> **Requirement**
The records that follow should be copied out exactly, pictures excluded.

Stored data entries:
*-*-*

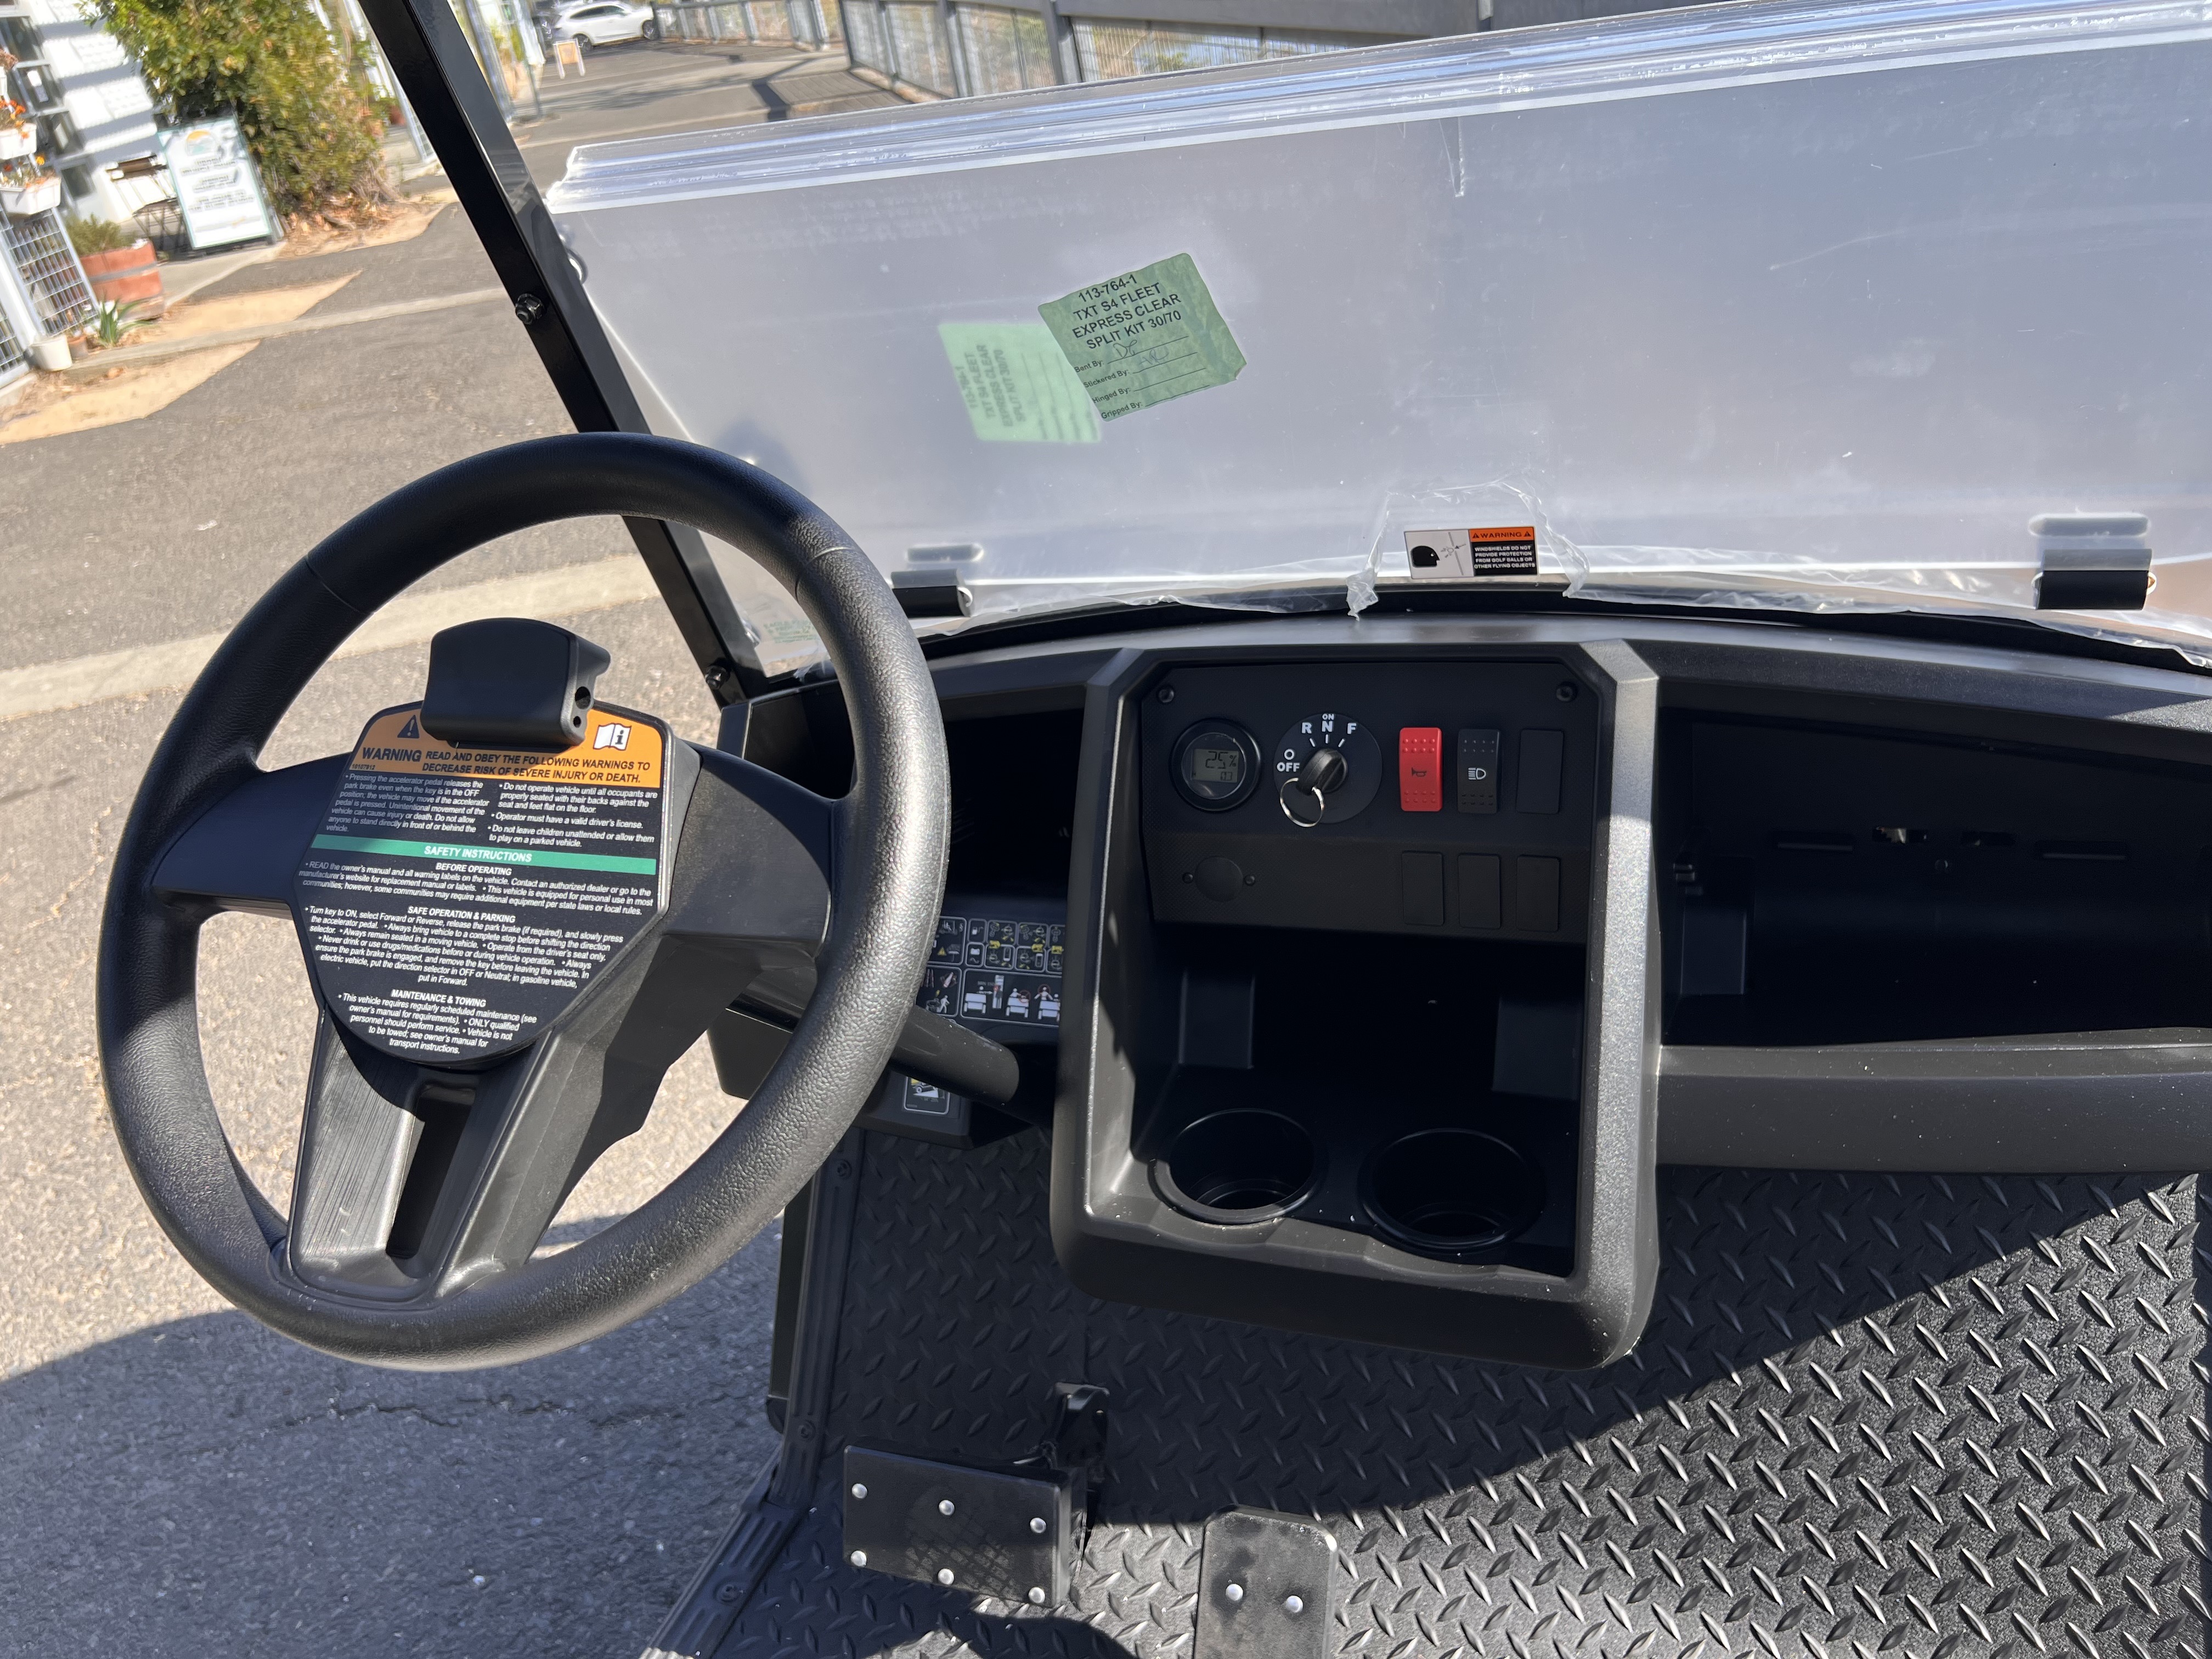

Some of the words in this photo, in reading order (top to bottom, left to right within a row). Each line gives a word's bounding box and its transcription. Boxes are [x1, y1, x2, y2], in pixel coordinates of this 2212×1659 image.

[1078, 274, 1137, 302] 113-764-1
[1073, 305, 1098, 320] TXT
[1101, 299, 1118, 312] S4
[1120, 282, 1161, 304] FLEET
[1072, 311, 1133, 338] EXPRESS
[1135, 293, 1182, 317] CLEAR
[1086, 330, 1121, 349] SPLIT
[1124, 321, 1146, 336] KIT
[1148, 311, 1181, 329] 30/70
[1074, 363, 1092, 373] Bent
[1091, 360, 1105, 368] By:
[1083, 373, 1116, 388] Stickered
[1092, 391, 1118, 403] Hinged
[1118, 387, 1131, 396] By:
[1101, 405, 1130, 419] Gripped
[1301, 722, 1312, 734] R
[1322, 721, 1333, 732] N
[1347, 723, 1357, 735] F
[362, 747, 422, 762] WARNING
[425, 751, 451, 760] READ
[452, 752, 472, 761] AND
[474, 753, 501, 763] OBEY
[503, 754, 521, 764] THE
[522, 755, 579, 766] FOLLOWING
[582, 759, 634, 769] WARNINGS
[637, 761, 650, 770] TO
[422, 763, 472, 773] DECREASE
[473, 765, 496, 774] RISK
[498, 766, 512, 775] OF
[512, 766, 551, 777] SEVERE
[552, 770, 587, 780] INJURY
[589, 772, 603, 781] OR
[606, 772, 640, 782] DEATH.
[1277, 762, 1300, 772] OFF
[349, 773, 376, 782] Pressing
[500, 793, 529, 801] properly
[586, 796, 608, 804] backs
[609, 798, 636, 806] against
[636, 799, 649, 807] the
[579, 805, 598, 813] floor.
[495, 812, 527, 821] Operator
[545, 815, 563, 823] have
[588, 818, 615, 826] driver's
[616, 820, 643, 828] license.
[496, 834, 513, 843] play
[556, 838, 582, 847] vehicle.
[515, 826, 535, 834] leave
[536, 827, 564, 836] children
[565, 831, 606, 839] unattended
[635, 834, 654, 842] them
[424, 845, 461, 856] SAFETY
[461, 848, 532, 862] INSTRUCTIONS
[435, 862, 467, 871] BEFORE
[467, 865, 512, 875] OPERATING
[407, 906, 428, 915] SAFE
[428, 908, 473, 919] OPERATION
[480, 912, 516, 923] PARKING
[438, 975, 467, 985] Forward.
[391, 989, 447, 1002] MAINTENANCE
[455, 996, 486, 1007] TOWING
[343, 993, 357, 1002] This
[358, 996, 381, 1005] vehicle
[381, 1000, 409, 1008] requires
[409, 1002, 439, 1013] regularly
[439, 1006, 476, 1015] scheduled
[475, 1011, 520, 1021] maintenance
[520, 1013, 537, 1023] (see
[349, 1005, 375, 1013] owner's
[375, 1008, 402, 1017] manual
[411, 1013, 460, 1025] requirements).
[468, 1018, 490, 1027] ONLY
[489, 1022, 520, 1031] qualified
[386, 1028, 409, 1038] towed;
[424, 1034, 450, 1042] owner's
[451, 1037, 478, 1046] manual
[477, 1039, 489, 1047] for
[389, 1037, 420, 1048] transport
[420, 1043, 460, 1053] instructions.
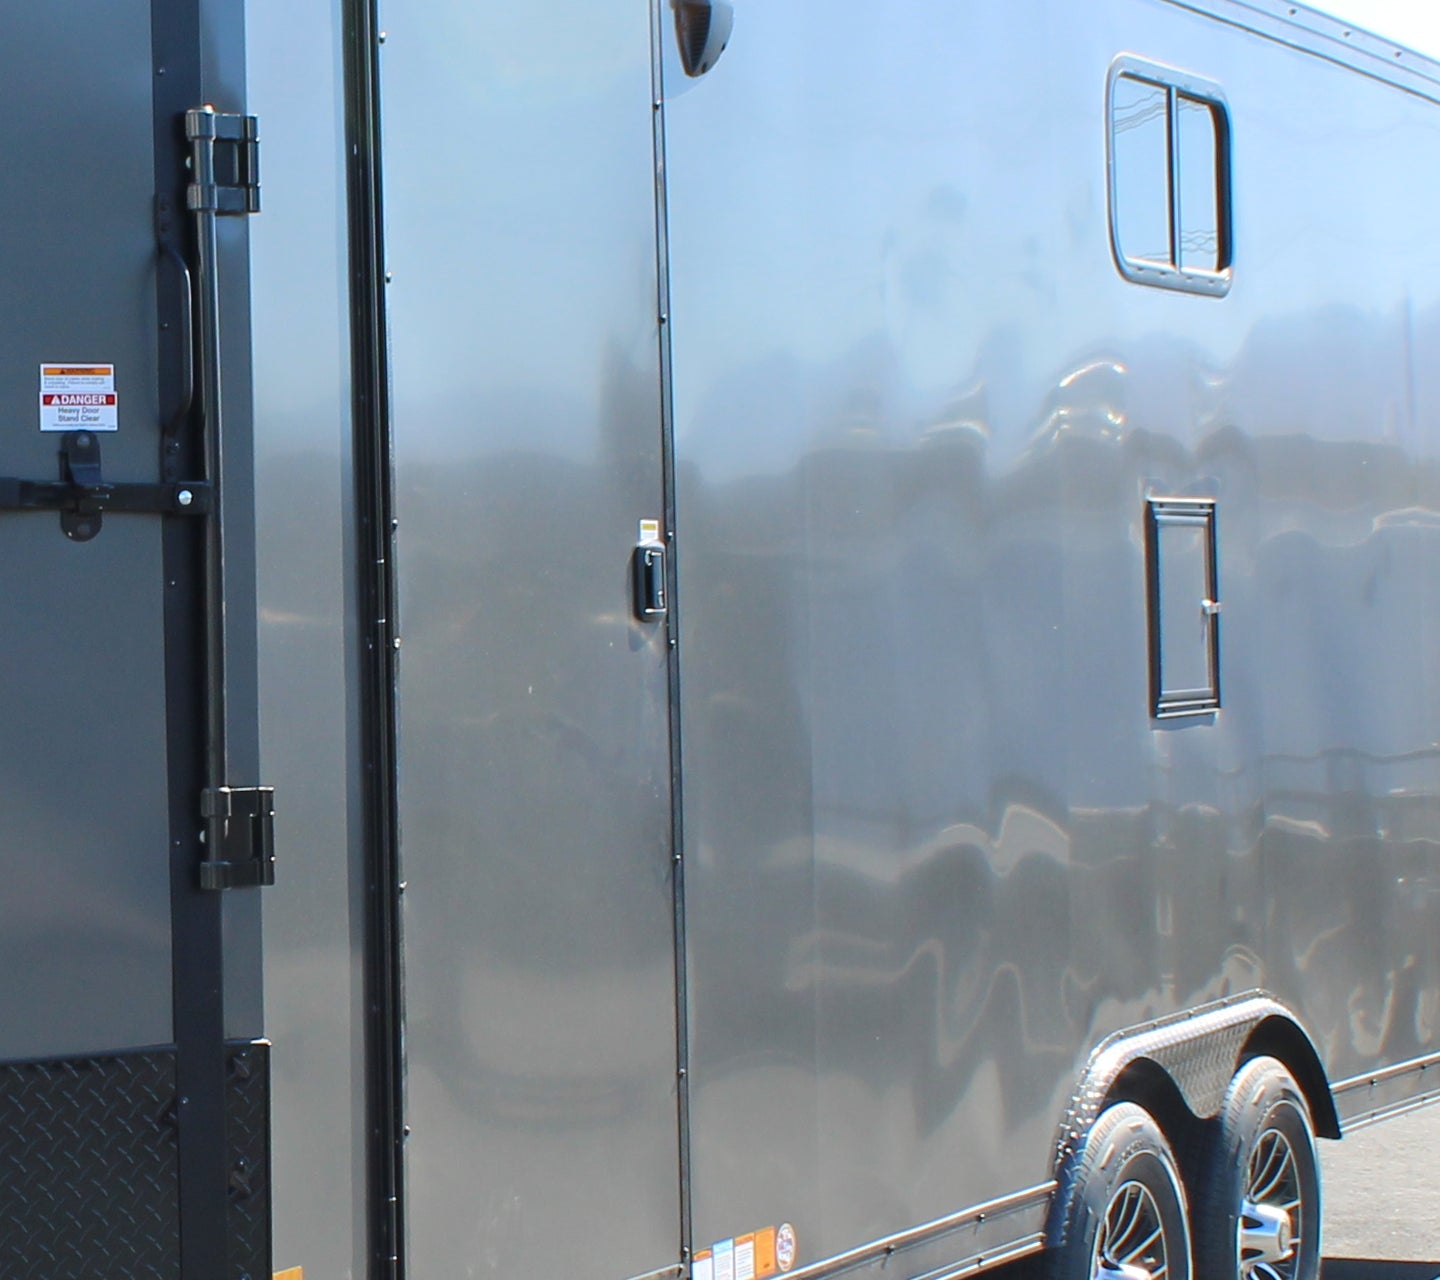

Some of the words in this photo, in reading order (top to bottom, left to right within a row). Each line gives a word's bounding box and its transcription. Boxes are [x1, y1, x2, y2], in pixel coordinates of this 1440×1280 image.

[60, 395, 107, 405] DANGER
[57, 406, 80, 416] Heavy
[81, 406, 100, 414] Door
[57, 414, 80, 422] Stand
[80, 414, 100, 422] Clear

*-*-*

> **Answer**
Some of the words in this photo, in reading order (top to bottom, left to right within a row). Each line gives a word's bounding box and its transcription. Boxes are [x1, y1, x2, y2], in pixel coordinates of this 2212×1659 image.

[1078, 274, 1137, 302] 113-764-1
[1073, 305, 1098, 320] TXT
[1101, 299, 1118, 312] S4
[1120, 282, 1161, 304] FLEET
[1072, 311, 1133, 338] EXPRESS
[1135, 293, 1182, 317] CLEAR
[1086, 330, 1121, 349] SPLIT
[1124, 321, 1146, 336] KIT
[1148, 311, 1181, 329] 30/70
[1074, 363, 1092, 373] Bent
[1091, 360, 1105, 368] By:
[1083, 373, 1116, 388] Stickered
[1092, 391, 1118, 403] Hinged
[1118, 387, 1131, 396] By:
[1101, 405, 1130, 419] Gripped
[1301, 722, 1312, 734] R
[1322, 721, 1333, 732] N
[1347, 723, 1357, 735] F
[362, 747, 422, 762] WARNING
[425, 751, 451, 760] READ
[452, 752, 472, 761] AND
[474, 753, 501, 763] OBEY
[503, 754, 521, 764] THE
[522, 755, 579, 766] FOLLOWING
[582, 759, 634, 769] WARNINGS
[637, 761, 650, 770] TO
[422, 763, 472, 773] DECREASE
[473, 765, 496, 774] RISK
[498, 766, 512, 775] OF
[512, 766, 551, 777] SEVERE
[552, 770, 587, 780] INJURY
[589, 772, 603, 781] OR
[606, 772, 640, 782] DEATH.
[1277, 762, 1300, 772] OFF
[349, 773, 376, 782] Pressing
[500, 793, 529, 801] properly
[586, 796, 608, 804] backs
[609, 798, 636, 806] against
[636, 799, 649, 807] the
[579, 805, 598, 813] floor.
[495, 812, 527, 821] Operator
[545, 815, 563, 823] have
[588, 818, 615, 826] driver's
[616, 820, 643, 828] license.
[496, 834, 513, 843] play
[556, 838, 582, 847] vehicle.
[515, 826, 535, 834] leave
[536, 827, 564, 836] children
[565, 831, 606, 839] unattended
[635, 834, 654, 842] them
[424, 845, 461, 856] SAFETY
[461, 848, 532, 862] INSTRUCTIONS
[435, 862, 467, 871] BEFORE
[467, 865, 512, 875] OPERATING
[407, 906, 428, 915] SAFE
[428, 908, 473, 919] OPERATION
[480, 912, 516, 923] PARKING
[438, 975, 467, 985] Forward.
[391, 989, 447, 1002] MAINTENANCE
[455, 996, 486, 1007] TOWING
[343, 993, 357, 1002] This
[358, 996, 381, 1005] vehicle
[381, 1000, 409, 1008] requires
[409, 1002, 439, 1013] regularly
[439, 1006, 476, 1015] scheduled
[475, 1011, 520, 1021] maintenance
[520, 1013, 537, 1023] (see
[349, 1005, 375, 1013] owner's
[375, 1008, 402, 1017] manual
[411, 1013, 460, 1025] requirements).
[468, 1018, 490, 1027] ONLY
[489, 1022, 520, 1031] qualified
[386, 1028, 409, 1038] towed;
[424, 1034, 450, 1042] owner's
[451, 1037, 478, 1046] manual
[477, 1039, 489, 1047] for
[389, 1037, 420, 1048] transport
[420, 1043, 460, 1053] instructions.

Some of the words in this photo, in reading order (top to bottom, left to right within a row). Each line gives a word's bounding box and its transcription. Boxes are [x1, y1, x2, y2], in pixel coordinates of this 1440×1280 image.

[60, 395, 107, 405] DANGER
[57, 406, 80, 416] Heavy
[81, 406, 100, 414] Door
[57, 414, 80, 422] Stand
[80, 414, 100, 422] Clear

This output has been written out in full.